La crisis ferroviaria afecta directamente al comercio local. Mayka, vendedora de cupones de la ONCE en el acceso a la alta velocidad, explicó que solo dos de sus clientes fijos matinales aparecieron, y que sus ventas cayeron 1.000 euros la semana anterior, desde el accidente mortal de la R4 en Gelida.
El ambiente en la estación de Sants, en pleno proceso de transformación, no ayuda a calmar los ánimos. Las obras en la Plaza de los Països Catalans están inundadas, la fachada tiene goteras y el interior muestra cables y vigas al descubierto, aumentando la sensación de precariedad.
“"Le he tenido que pedir el coche a mi cuñado, mira si estoy mal."

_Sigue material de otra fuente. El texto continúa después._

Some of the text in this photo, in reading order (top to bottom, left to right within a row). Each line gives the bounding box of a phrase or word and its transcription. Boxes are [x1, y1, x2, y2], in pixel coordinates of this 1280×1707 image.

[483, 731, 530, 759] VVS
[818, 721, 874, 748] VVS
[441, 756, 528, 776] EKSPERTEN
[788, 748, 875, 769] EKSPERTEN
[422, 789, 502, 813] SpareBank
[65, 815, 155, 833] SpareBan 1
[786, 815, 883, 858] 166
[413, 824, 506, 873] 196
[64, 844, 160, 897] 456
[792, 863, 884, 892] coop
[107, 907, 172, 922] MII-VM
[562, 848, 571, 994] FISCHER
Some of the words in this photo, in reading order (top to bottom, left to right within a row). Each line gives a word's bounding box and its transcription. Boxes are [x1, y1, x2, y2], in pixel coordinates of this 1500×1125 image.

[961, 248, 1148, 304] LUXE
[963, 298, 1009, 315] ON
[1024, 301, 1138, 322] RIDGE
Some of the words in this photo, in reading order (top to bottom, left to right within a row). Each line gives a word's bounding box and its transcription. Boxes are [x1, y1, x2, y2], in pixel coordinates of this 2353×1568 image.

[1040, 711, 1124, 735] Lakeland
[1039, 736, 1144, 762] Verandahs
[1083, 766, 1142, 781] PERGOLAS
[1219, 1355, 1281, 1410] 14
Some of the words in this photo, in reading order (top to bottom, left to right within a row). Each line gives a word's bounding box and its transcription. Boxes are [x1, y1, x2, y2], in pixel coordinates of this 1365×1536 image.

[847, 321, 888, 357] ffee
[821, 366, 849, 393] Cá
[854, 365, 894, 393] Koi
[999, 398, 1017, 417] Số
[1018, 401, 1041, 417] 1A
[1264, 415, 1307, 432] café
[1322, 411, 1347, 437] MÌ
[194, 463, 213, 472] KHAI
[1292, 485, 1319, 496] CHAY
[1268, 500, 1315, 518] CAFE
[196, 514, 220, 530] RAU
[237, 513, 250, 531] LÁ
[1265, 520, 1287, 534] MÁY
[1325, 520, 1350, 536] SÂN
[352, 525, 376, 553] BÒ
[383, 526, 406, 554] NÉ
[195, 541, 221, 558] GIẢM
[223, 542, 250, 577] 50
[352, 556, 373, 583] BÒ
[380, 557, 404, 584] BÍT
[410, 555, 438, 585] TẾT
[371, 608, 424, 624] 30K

La situación fue especialmente delicada a primera hora del lunes, cuando la promesa de restablecimiento del servicio falló estrepitosamente por una avería en el centro de control de tráfico de Adif, dejando a los trenes “a ciegas”. Viajeros como José María, que vive en la Bordeta, se ven obligados a recurrir a familiares para ir a trabajar a Granollers, ya que tuvo que vender su coche por las restricciones de la zona de bajas emisiones.
Los usuarios muestran una gran resignación. Un viajero de Viladecans resumió el sentimiento general: “El problema es que no nos podemos fiar. Pero muchos tampoco tenemos más remedio”, destacando la corta validez de cualquier información proporcionada en los andenes.